(Beginning of Given data)

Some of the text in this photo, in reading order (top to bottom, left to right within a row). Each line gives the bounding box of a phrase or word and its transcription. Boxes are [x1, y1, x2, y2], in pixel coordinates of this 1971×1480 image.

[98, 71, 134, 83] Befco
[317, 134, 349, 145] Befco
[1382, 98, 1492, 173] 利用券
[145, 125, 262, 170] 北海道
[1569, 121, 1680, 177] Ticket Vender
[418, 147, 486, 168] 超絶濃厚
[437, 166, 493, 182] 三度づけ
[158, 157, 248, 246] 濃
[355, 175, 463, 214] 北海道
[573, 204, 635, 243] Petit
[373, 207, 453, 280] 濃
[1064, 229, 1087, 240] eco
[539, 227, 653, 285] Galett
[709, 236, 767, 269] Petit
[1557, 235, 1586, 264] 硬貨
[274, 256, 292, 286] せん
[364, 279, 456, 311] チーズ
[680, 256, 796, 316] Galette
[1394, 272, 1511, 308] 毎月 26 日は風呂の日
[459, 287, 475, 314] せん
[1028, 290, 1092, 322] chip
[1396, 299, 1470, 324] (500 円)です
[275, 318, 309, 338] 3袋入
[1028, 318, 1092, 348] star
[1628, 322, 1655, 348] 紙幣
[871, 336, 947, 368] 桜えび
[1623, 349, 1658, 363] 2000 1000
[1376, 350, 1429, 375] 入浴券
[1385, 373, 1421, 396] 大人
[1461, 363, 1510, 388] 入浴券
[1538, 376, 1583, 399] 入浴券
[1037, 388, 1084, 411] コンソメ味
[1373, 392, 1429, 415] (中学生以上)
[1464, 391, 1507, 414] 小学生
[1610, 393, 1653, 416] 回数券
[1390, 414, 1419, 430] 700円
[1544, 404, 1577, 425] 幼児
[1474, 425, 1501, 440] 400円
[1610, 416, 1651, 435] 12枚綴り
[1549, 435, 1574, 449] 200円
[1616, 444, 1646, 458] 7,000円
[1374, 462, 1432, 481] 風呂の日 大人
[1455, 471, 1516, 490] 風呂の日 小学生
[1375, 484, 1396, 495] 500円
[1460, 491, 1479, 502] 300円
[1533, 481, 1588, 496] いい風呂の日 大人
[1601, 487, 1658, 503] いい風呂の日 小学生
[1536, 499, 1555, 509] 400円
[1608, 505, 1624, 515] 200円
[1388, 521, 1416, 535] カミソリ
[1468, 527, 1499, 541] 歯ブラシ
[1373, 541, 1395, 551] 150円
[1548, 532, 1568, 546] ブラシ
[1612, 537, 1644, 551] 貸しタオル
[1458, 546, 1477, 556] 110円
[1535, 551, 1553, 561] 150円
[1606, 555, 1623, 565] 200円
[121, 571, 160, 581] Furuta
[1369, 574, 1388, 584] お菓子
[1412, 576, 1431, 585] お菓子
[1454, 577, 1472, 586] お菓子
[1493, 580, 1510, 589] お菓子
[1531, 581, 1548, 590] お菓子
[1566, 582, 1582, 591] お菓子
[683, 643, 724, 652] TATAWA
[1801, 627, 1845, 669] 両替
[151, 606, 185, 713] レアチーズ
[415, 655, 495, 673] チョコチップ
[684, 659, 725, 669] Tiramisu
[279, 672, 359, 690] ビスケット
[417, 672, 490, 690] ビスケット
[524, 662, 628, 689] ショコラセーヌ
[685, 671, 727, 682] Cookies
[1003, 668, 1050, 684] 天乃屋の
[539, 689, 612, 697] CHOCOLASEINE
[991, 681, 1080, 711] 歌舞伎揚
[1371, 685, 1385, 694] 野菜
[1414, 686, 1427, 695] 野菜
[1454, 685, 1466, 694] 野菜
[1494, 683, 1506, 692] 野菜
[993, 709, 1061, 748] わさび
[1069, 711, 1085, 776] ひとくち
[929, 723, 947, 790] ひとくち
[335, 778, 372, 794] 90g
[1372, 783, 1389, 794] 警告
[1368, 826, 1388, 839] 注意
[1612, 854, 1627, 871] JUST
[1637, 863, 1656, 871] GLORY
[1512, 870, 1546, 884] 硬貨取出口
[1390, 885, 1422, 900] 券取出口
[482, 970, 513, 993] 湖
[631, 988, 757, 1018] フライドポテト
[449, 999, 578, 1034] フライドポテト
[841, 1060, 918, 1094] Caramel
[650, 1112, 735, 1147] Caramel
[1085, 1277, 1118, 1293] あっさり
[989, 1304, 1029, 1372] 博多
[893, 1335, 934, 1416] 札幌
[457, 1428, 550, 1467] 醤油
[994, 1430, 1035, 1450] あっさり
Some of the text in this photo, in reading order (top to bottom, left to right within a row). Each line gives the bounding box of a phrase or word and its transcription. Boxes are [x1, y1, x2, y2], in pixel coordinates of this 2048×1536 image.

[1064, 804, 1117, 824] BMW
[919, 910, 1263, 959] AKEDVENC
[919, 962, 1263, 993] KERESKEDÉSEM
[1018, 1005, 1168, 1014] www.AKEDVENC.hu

(End of Given data)

- [Required action] In the entries above, count each line that includes "フライドポテト" and report the total with no other text.

- [Task response] 2